**Task**: Your reply should reproduce each record precisely as written.

**Excerpted records**:
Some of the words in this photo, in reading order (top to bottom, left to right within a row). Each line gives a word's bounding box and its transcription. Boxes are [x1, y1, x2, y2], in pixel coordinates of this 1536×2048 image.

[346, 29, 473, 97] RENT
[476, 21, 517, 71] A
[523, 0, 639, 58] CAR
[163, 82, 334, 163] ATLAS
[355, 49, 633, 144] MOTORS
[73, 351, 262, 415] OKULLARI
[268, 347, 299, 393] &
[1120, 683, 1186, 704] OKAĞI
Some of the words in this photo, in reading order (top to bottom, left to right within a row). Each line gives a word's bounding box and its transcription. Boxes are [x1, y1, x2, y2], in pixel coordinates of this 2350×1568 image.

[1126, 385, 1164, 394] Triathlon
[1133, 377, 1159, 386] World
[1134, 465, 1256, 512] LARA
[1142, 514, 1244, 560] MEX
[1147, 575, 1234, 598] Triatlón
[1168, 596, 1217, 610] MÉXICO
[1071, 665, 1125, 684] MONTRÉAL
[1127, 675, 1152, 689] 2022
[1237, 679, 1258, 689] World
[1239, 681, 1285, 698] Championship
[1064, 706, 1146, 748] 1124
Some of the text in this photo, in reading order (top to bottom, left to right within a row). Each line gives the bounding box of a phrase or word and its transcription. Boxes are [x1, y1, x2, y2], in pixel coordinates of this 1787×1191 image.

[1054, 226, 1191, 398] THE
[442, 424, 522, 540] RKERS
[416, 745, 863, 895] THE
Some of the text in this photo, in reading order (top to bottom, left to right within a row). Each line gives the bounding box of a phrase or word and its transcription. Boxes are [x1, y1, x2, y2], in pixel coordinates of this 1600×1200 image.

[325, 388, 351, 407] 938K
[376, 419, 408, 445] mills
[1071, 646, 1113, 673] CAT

**Written reply**:
Some of the words in this photo, in reading order (top to bottom, left to right within a row). Each line gives a word's bounding box and its transcription. Boxes are [x1, y1, x2, y2], in pixel coordinates of this 1536×2048 image.

[346, 29, 473, 97] RENT
[476, 21, 517, 71] A
[523, 0, 639, 58] CAR
[163, 82, 334, 163] ATLAS
[355, 49, 633, 144] MOTORS
[73, 351, 262, 415] OKULLARI
[268, 347, 299, 393] &
[1120, 683, 1186, 704] OKAĞI
Some of the words in this photo, in reading order (top to bottom, left to right within a row). Each line gives a word's bounding box and its transcription. Boxes are [x1, y1, x2, y2], in pixel coordinates of this 2350×1568 image.

[1126, 385, 1164, 394] Triathlon
[1133, 377, 1159, 386] World
[1134, 465, 1256, 512] LARA
[1142, 514, 1244, 560] MEX
[1147, 575, 1234, 598] Triatlón
[1168, 596, 1217, 610] MÉXICO
[1071, 665, 1125, 684] MONTRÉAL
[1127, 675, 1152, 689] 2022
[1237, 679, 1258, 689] World
[1239, 681, 1285, 698] Championship
[1064, 706, 1146, 748] 1124
Some of the text in this photo, in reading order (top to bottom, left to right within a row). Each line gives the bounding box of a phrase or word and its transcription. Boxes are [x1, y1, x2, y2], in pixel coordinates of this 1787×1191 image.

[1054, 226, 1191, 398] THE
[442, 424, 522, 540] RKERS
[416, 745, 863, 895] THE
Some of the text in this photo, in reading order (top to bottom, left to right within a row). Each line gives the bounding box of a phrase or word and its transcription. Boxes are [x1, y1, x2, y2], in pixel coordinates of this 1600×1200 image.

[325, 388, 351, 407] 938K
[376, 419, 408, 445] mills
[1071, 646, 1113, 673] CAT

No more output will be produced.